Funny to call this SST thing a “company” when it operates from a couple of small rooms on a quiet street in Hawthorne—far enough removed from Hollywood’s pathetic fame-and-fortune ethic to know better, and just close enough to sound off loud and clear. SST was originally the moniker for a ham-radio business run by Black Flag’s Greg Ginn, who paid for and printed up Flag’s first single with his own pocket cash. Today, SST employs eight people, distributes worldwide, and handles about 18 active bands and 87 records, as well as books of poetry, t-shirts, stickers, skateboards, posters, and a phone hotline. The company receives trash cans full of band demo tapes and mail orders, and circulates a video of the ecstatically third-rate film Lovedolls Superstar (which features many SST artists in spastic Super-8). College radio stations and the rock press alike support the smoother of the SST offerings. In every sense of the concept, the independent, grassroots, homemade rock ‘n’ roll mountain has been climbed and conquered. Even though SST has moved from the soily to the sophisticated, it has rocked the world simply because it will not control the material its bands produce.

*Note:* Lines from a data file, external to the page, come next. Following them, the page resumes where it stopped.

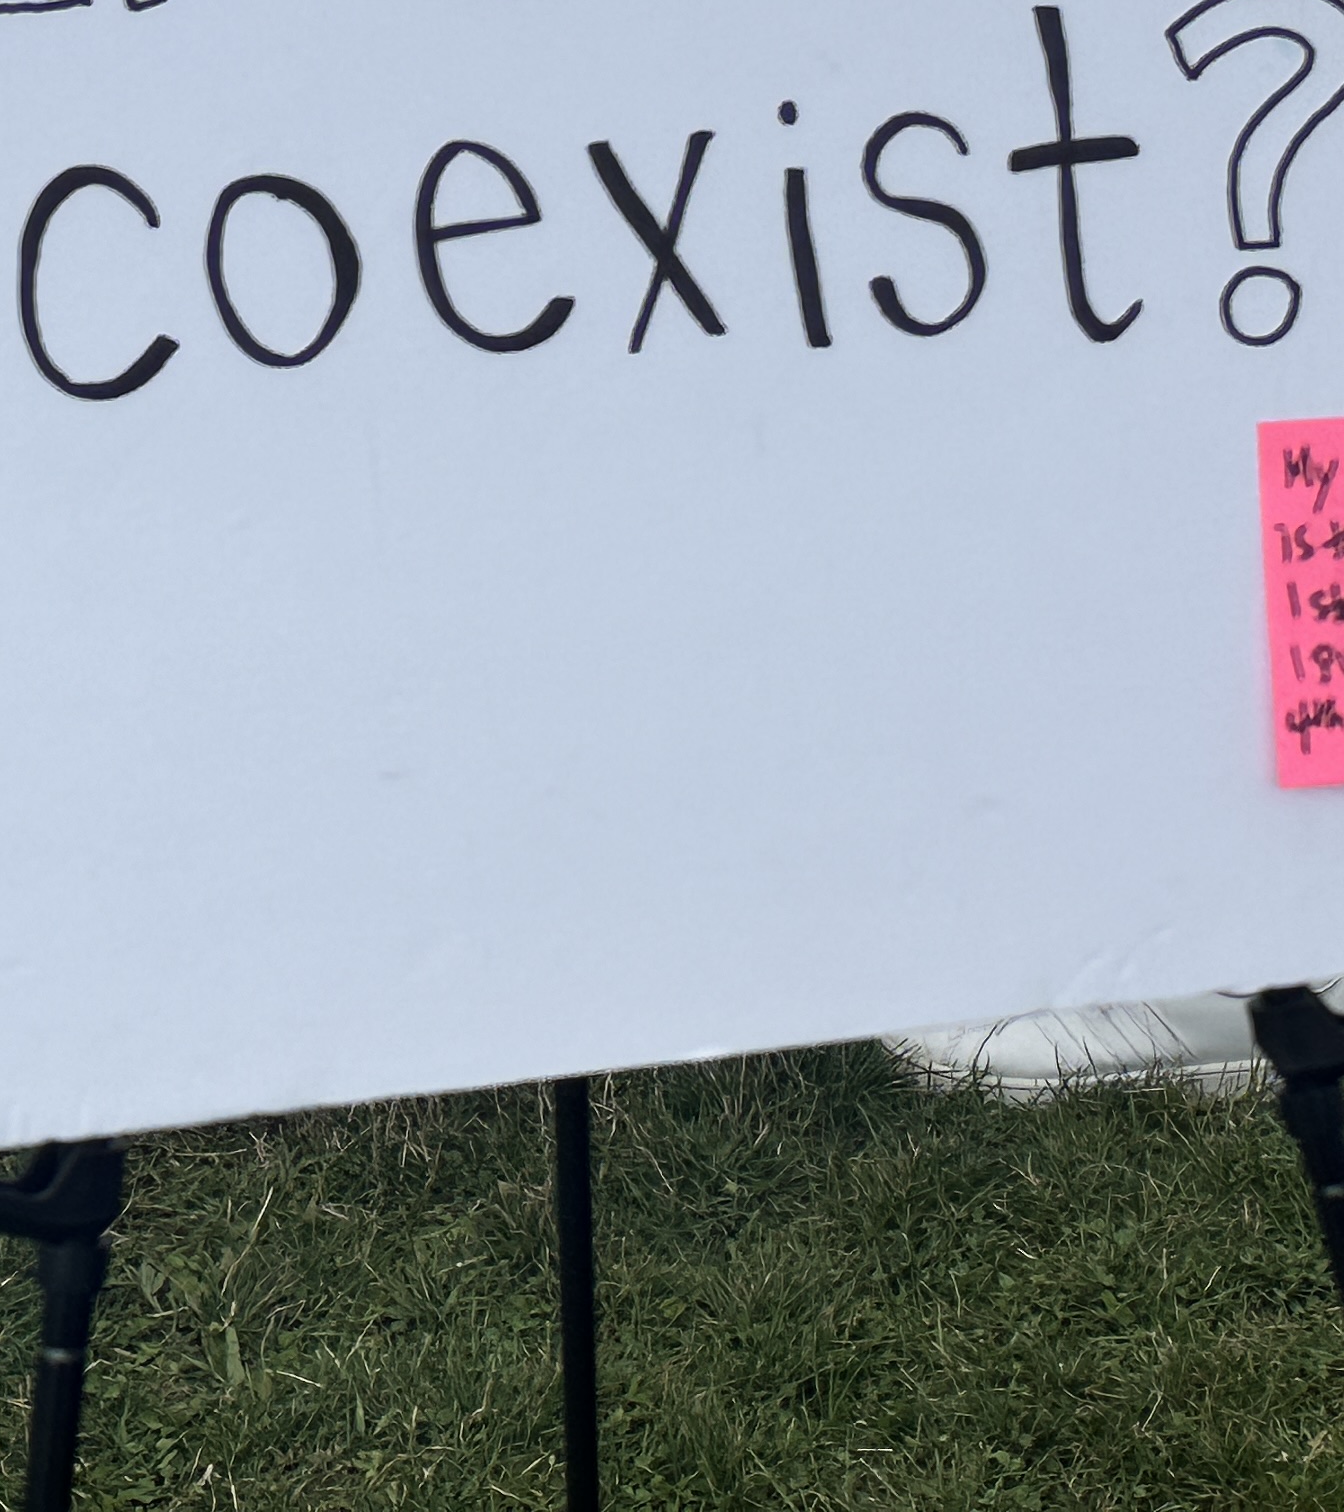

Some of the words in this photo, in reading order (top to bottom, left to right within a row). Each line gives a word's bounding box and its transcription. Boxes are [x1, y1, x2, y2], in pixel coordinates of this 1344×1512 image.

[1283, 443, 1339, 513] My
[1288, 581, 1301, 619] I
[1289, 644, 1305, 681] I
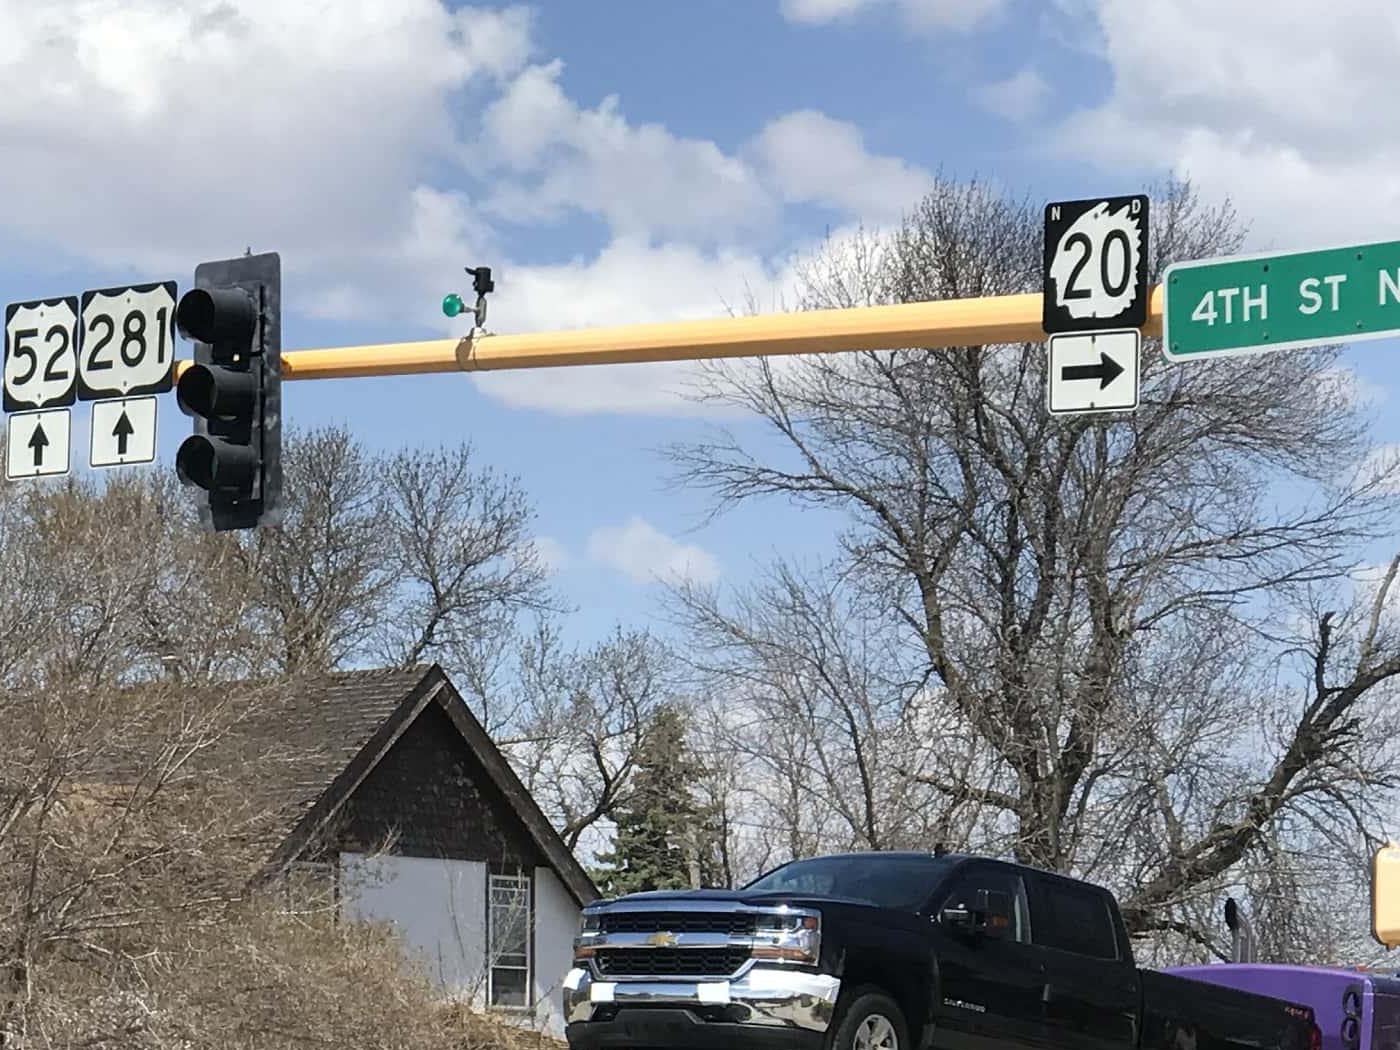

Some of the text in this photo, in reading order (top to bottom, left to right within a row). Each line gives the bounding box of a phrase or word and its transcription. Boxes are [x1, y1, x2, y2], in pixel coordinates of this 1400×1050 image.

[1051, 199, 1141, 221] N D
[1063, 228, 1132, 300] 20
[1191, 284, 1268, 326] 4TH
[1298, 274, 1347, 315] ST
[12, 324, 69, 386] 52
[86, 306, 167, 372] 281

“We’re really more of a service to bands we like,” explains regional press and retail operator Spaceman. “A major label will let a band screw around for a record or two, but eventually they make designs for you to get down to business. We’re only here to put the music out, not to tell the bands, ‘Well, we could sell another 5,000 copies if…’”

And what kind of bands would an institution as renegade and self-sufficient as SST like? Spaceman continues: “We feel anyone can be marketed, but the music criterion is that they not be like anybody else, which means we usually take bands that don’t get touched.”

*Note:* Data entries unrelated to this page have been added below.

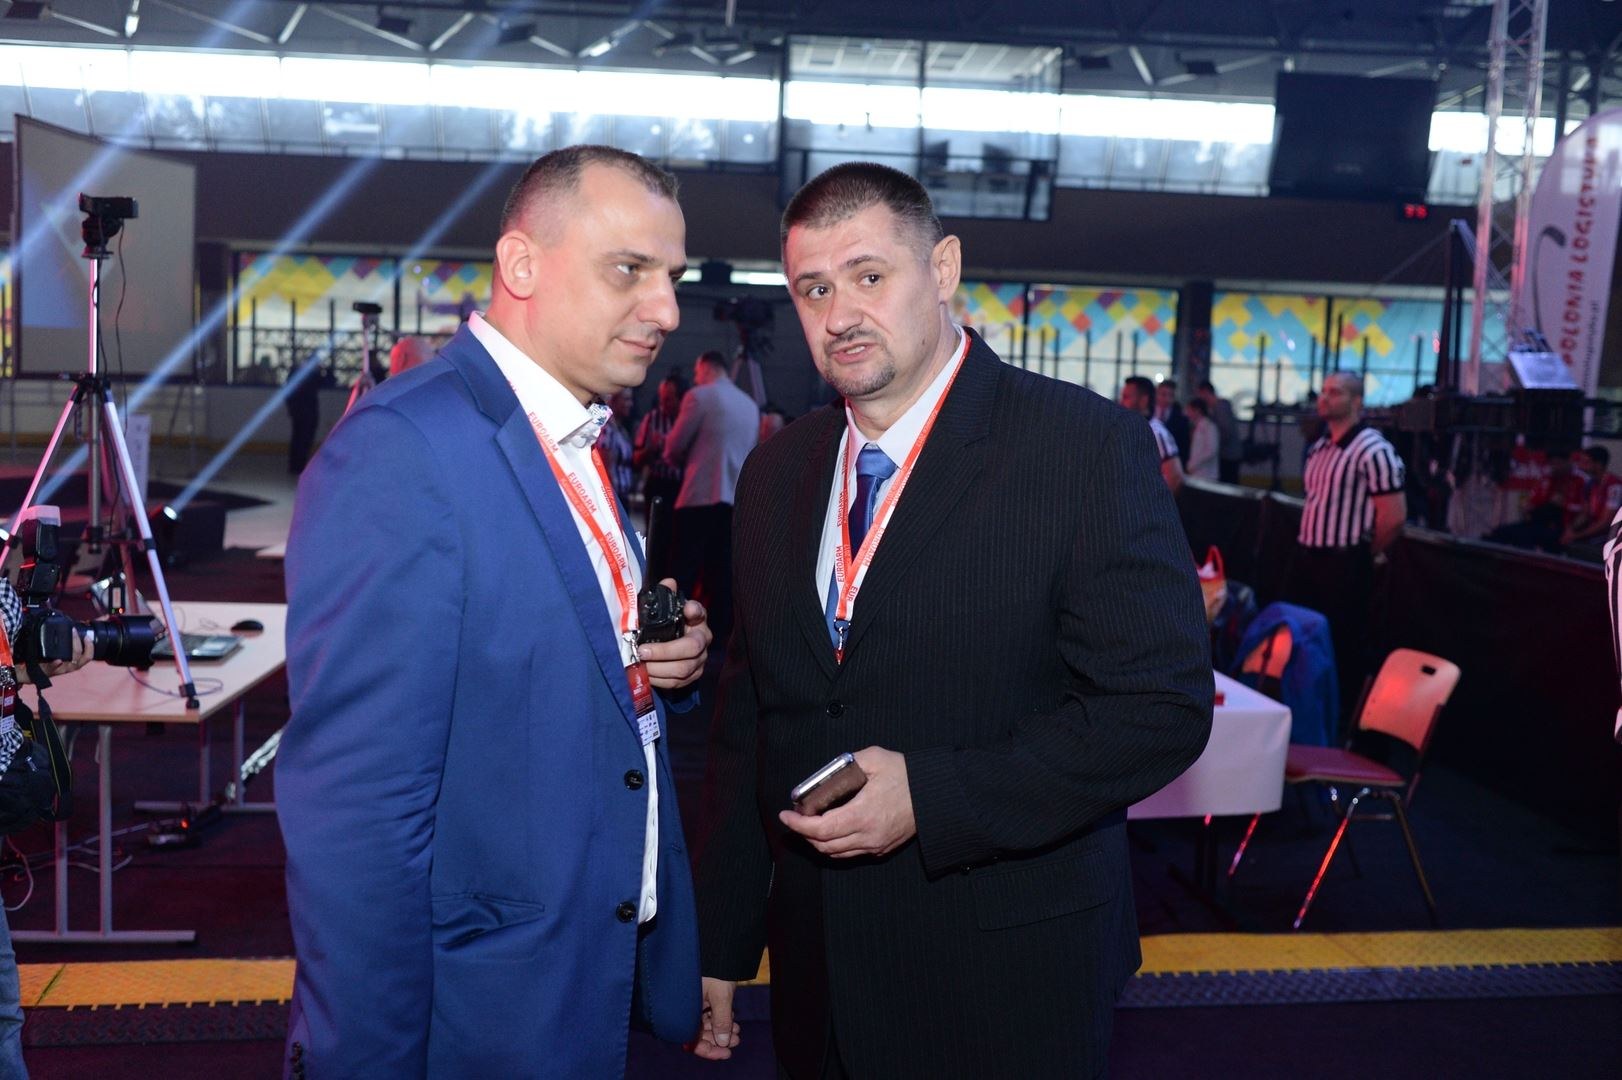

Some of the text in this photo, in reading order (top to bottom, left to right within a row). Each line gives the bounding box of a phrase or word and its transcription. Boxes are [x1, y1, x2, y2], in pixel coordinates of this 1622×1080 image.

[528, 411, 559, 454] EUROARM
[568, 471, 598, 514] EUROARM
[604, 531, 627, 570] EUROARM
[836, 545, 844, 583] EUROARM
[847, 585, 859, 602] EUR

Despite the seemingly unbustable music industry systems, the SST Attack (as they dub it) has actually paid off. Bands that were critically degraded and downright ignored on radio five years ago (check Minutemen, Hüsker Dü) now grace critics’ Top Fives across the nation. Chuck Dukowski, who has not only played for SST bands Black Flag, Oktobergaction, and currently SWA, but also involves himself daily in company productions and runs SST’s sister booking company, Global, warns that the process doesn’t take months, it takes years. “The nature of things is that people are afraid to put themselves behind anything… let alone tunes. If you can smash everybody in the heads with it, some of it hopefully will stick. I have faith in people who are into music. If you stuff something good into the system just a little, it’ll spread.”

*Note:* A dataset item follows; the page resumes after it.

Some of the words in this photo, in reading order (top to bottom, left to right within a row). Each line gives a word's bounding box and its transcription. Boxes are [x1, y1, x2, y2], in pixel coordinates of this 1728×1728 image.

Chuck’s dedication is not just phonetics. He spent time in the slammer for releasing, in defiance of a court injunction, Black Flag’s Damaged LP in 1981. He hustled for SST when payback wasn’t even a figment of anyone’s imagination. He’s been on television with Barbara Walters, rapping about punk rock. Currently, he’s making designs for a live-music TV show (tentatively titled At Your House) with Lovedolls producer and Global booking exec Jordan Schwarz.

In recalling his days as the manager of the American Classic Billiards pool table company, he adds, “If I had thought years ago, when I was more principally a consumer, that I would have a chance to be partially responsible for putting out that much good music, I would have been surprised. Nobody was doing what I wanted to hear. I know a lot of people join bands to see if the band will work with an audience, and if it doesn’t, they find a new band. That seems backwards to me. The thing you’re after is expressing yourself. And that’s what an audience wants. It’s backwards to start with the audience to decide what the band expresses.”

2 Comments

  1. bb
    Posted May 22, 2008 at 11:49 am | Permalink

    awesome article ya’ll…nerdy fact…spaceman=mike watt

  2. spaceman
    Posted May 23, 2008 at 12:19 pm | Permalink

    actually bb, spaceman was mostly michael whittaker. watt was spaceman “hey give my records some space man” for only a short while.